Is there another tree?

In so many cases, I have tried to rely on my own strength. These past few weeks have been no exception. 

I have been waiting for a letter to pop up in my mailbox for a few weeks now, and yesterday it arrived. It wasn't until late last night that I heard that still small voice telling me that I needed to just let it go, and remember Who is ultimately in control. 
In so many ways I try to convince myself that I can do it all by myself, even though half the time I don't even realize I'm telling myself this. It's an odd thought to even try to comprehend, but it's the truth. I just don't center my life around Christ the way I should. So, He throws something my way that forces me to do so. It's not that I wasn't remembering Him, wasn't remember to read His Word or to pray, I just wasn't giving Him all of the burdens I have carried. 
Sometimes, I believe, The Lord gives you trials even when you are "doing everything right." 
I am human. I still make mistakes. I still focus on certain things when I should be focusing more or simply also on others. We all do this. We think that these menial tasks in life will be able to be taken care of by ourselves. Which...is true. I won't lie and say that these things can't be done by us alone. But our Father did not give us His Son so that we could do things on our own. 
Instead, He gave us His Son to walk right beside us, holding our hand, sometimes carrying us along, so that we did not HAVE to do these things alone. 
Have you ever done a simple task, like driving to the store, and realized once you got there that everyone and their brother was driving like maniacs and you could have been hit about three different times? Have you ever been in the store and realized you can't find that one item you desperately need for the birthday meal you'll be cooking for someone? Have you ever needed that venti latte but didn't have that extra $2 for it? Now remember how you got to the store safely. Remember how that little old woman went right to that item you needed and got her's and you just acted like it was nothing to pick up the same item. Remember how you found not $2, but $5 in your jeans. 
See how that works? God knows infinitely ahead of time what we will need to get through our day. 
God knows.
Everything.
This is something that has baffled me and perplexed me for a long time, but ever since my car accident, it has amazed me. Remember how He planted that tree several years ago that saved my life? 
Why shouldn't I believe that He has yet another tree somewhere? 

Sunday, October 11, 2015

I could have been Jonah.

Today in church, Pastor McBride said a few things that stuck with me:

  • Don't just pray when you are in the midst of the storm. Pray before it even hits.
  •  Jonah didn't go into the fish because we were to see Jonah, he went into the fish so we could see his God.
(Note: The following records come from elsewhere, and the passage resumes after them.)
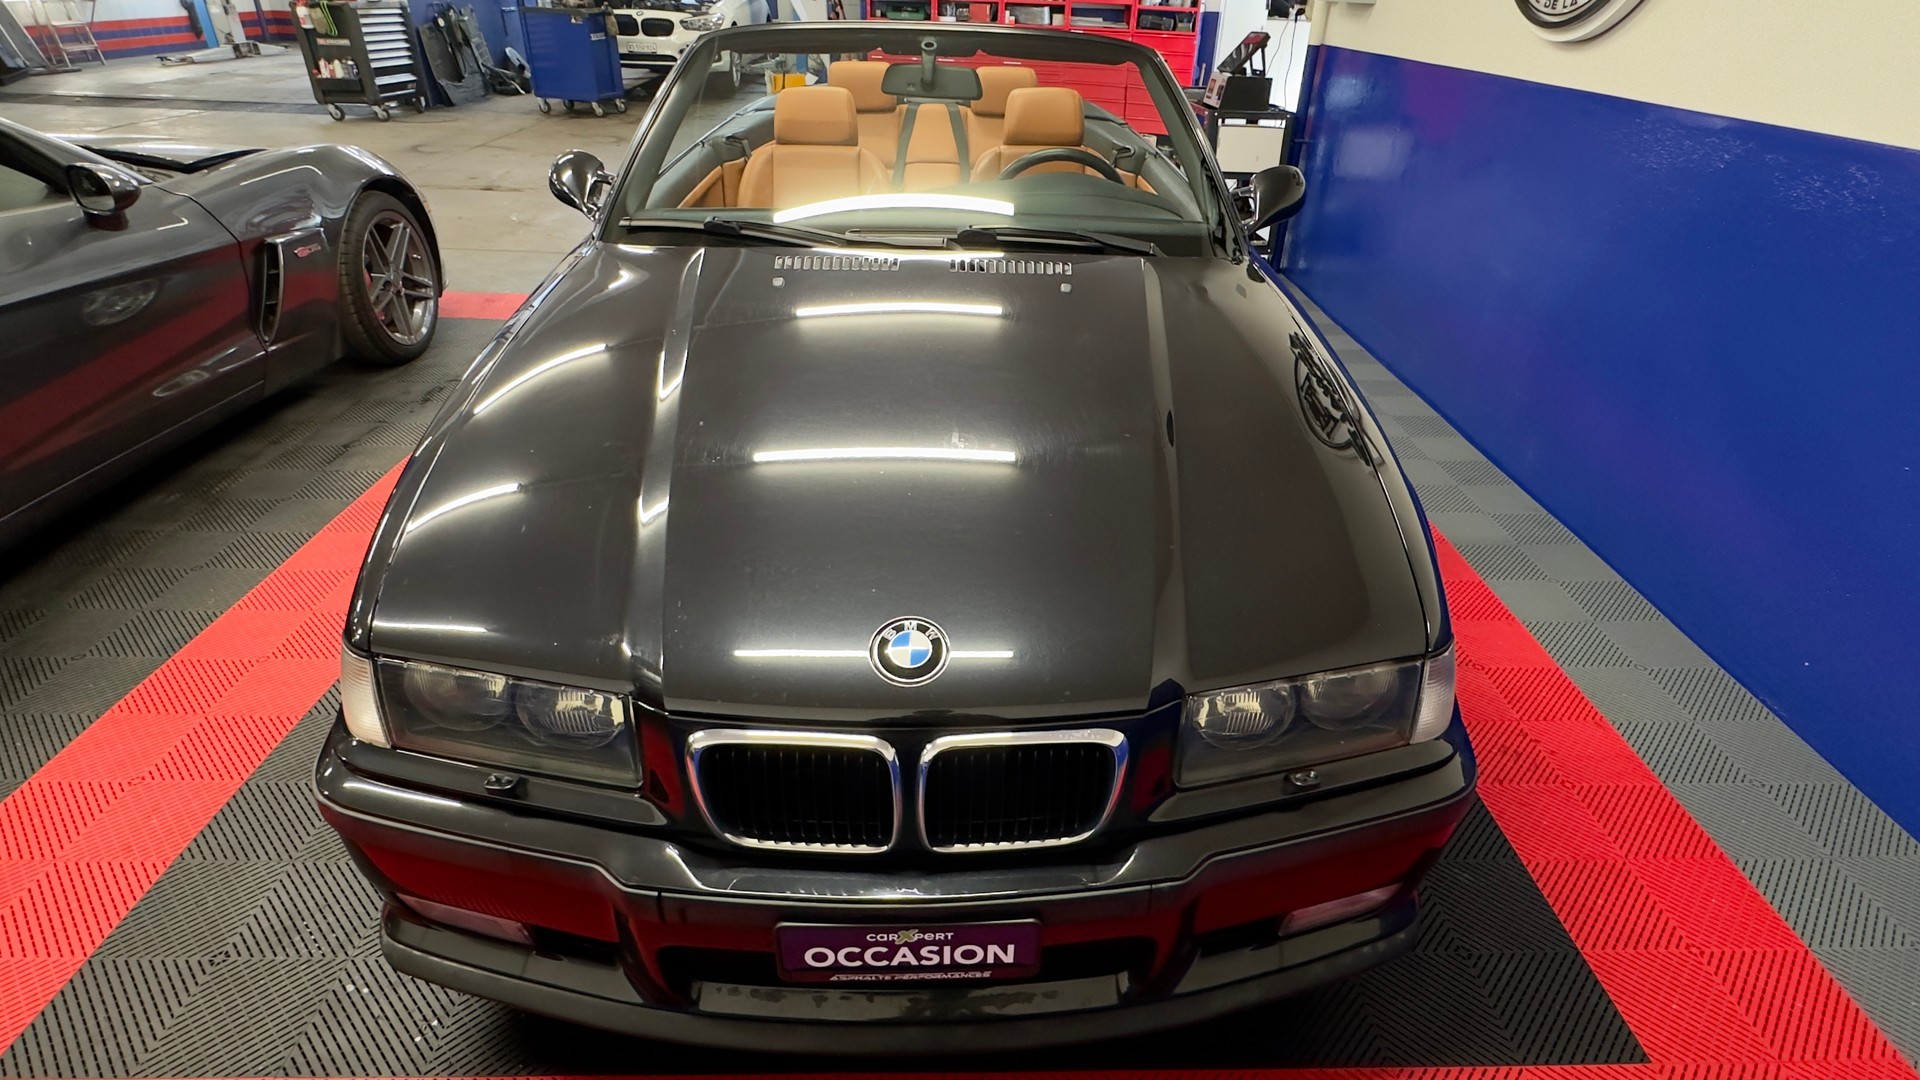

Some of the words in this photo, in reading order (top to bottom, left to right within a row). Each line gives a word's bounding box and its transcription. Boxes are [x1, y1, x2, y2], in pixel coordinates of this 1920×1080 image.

[1543, 0, 1558, 9] DE
[882, 621, 940, 641] BMW
[804, 944, 1015, 967] OCCASION
[829, 973, 892, 982] ASPHALTE
[894, 970, 992, 981] PERFORMANCES
Of course, we all know that we should seek The Lord during a trial, during those times when we are in the "belly of a whale," so to speak (We are in the book of Jonah right now). But what I never seem to remember is the simple fact that I need to seek God before those trials come. 
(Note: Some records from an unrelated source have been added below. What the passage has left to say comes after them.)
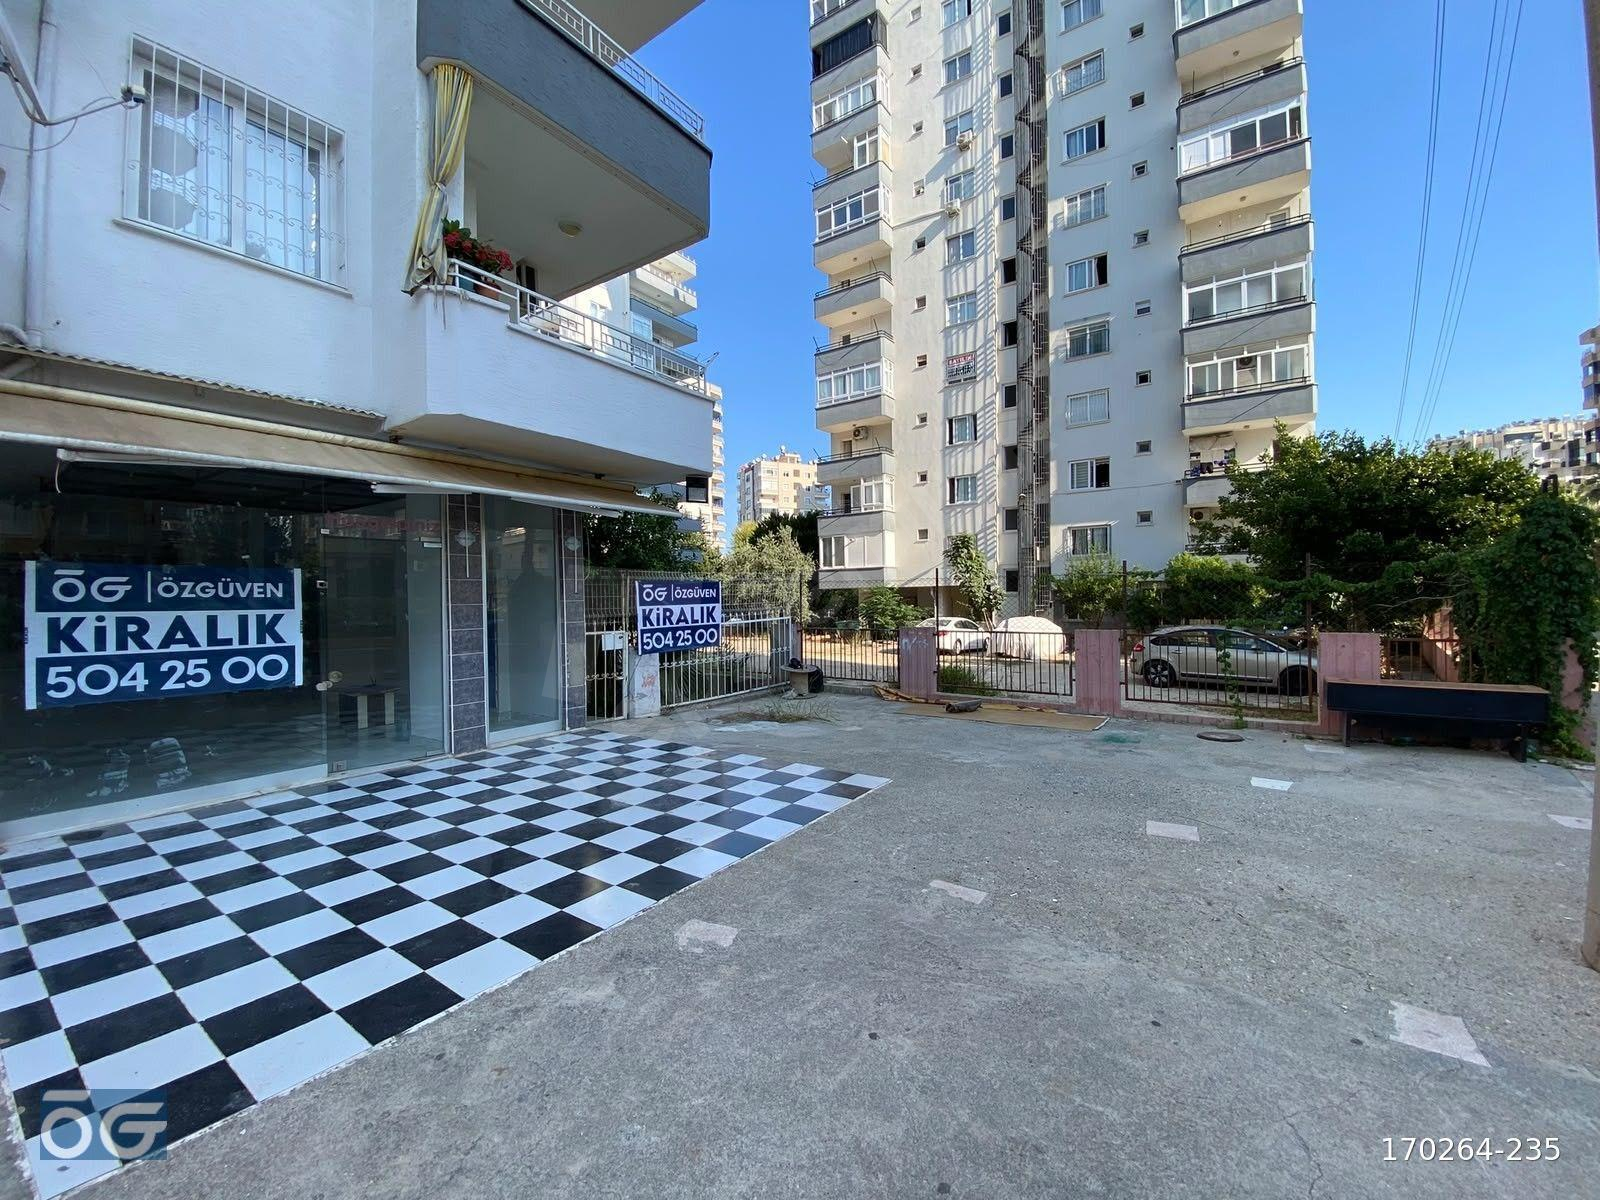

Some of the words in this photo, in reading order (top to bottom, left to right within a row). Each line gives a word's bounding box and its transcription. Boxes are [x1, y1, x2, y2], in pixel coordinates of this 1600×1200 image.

[157, 577, 283, 598] ÖZGÜVEN
[674, 586, 716, 599] ÖZGÜVEN
[643, 631, 674, 650] 504
[676, 630, 692, 647] 25
[695, 628, 718, 644] 00
[46, 662, 149, 699] 504
[160, 658, 211, 691] 25
[221, 654, 289, 684] 00
It's inevitable. We are going to go through things in our life that will cause our hearts to ache, our minds to race, and our bodies to be weak.Since we know this, why don't we just pray ahead of time? Why don't I myself prepare? 
 
*****
 
A little blessing:
 
We came to Panera. I went up to buy a drink. The girl at the register said "It's okay. I got it." It was simple, but it was so sweet.
 It's the little things in life that I appreciate the most. 

Saturday, August 15, 2015

Angels are real, and I met one.

In my last post, I told you about the accident I had. I mentioned how there was a man, that I could remember his face, his voice. Remember that? 
************

I was at work on Wednesday night. I work at Casey's in Catlin, but they are redoing our store, so I was moved to the Westville store. Wednesday was my last night there. We were always busy, but this night, was basically dead. Randomly, though, we had a rush of people, probably about 7-10 people in the store. I was making coffee, and went around, behind the counter, because we needed to use both registers. 
"Can I help who's next?" I looked at this man, feeling a familiarity in his face. 
"Do you recognize me?" he asked. "Your last name is Fester, right?" 
I squinted, brought my hands to my face, and tried figuring out how I knew him. "I'm sorry, I just can't seem to remember you. But I feel like I should." 
"Well, that makes sense." The man looked down, looking sort of disappointed. "I was the person that found you when you had an accident about a month ago." 
My jaw dropped, my eyes widened. 
This couldn't really be happening, right?
"Wh-- Are you serious?!" I felt a smile creeping across my face. His face lit up a little. 
He laughed a little bit, "Yes, that's me."
"Oh my word, what is your name!? I have been trying to figure out who you are ever since my accident!!"
"My name is Greg." 
When he said that, a flash of a memory came back to me. I remember him saying those words while I was in the car. That must have been when I saw his face. 
"I have to hug you!!" 

The other people in the store looked terribly confused, but everything stopped in that moment. I didn't care that I was on the clock. I didn't care that there were several customers. I was talking to the angel that saved my life.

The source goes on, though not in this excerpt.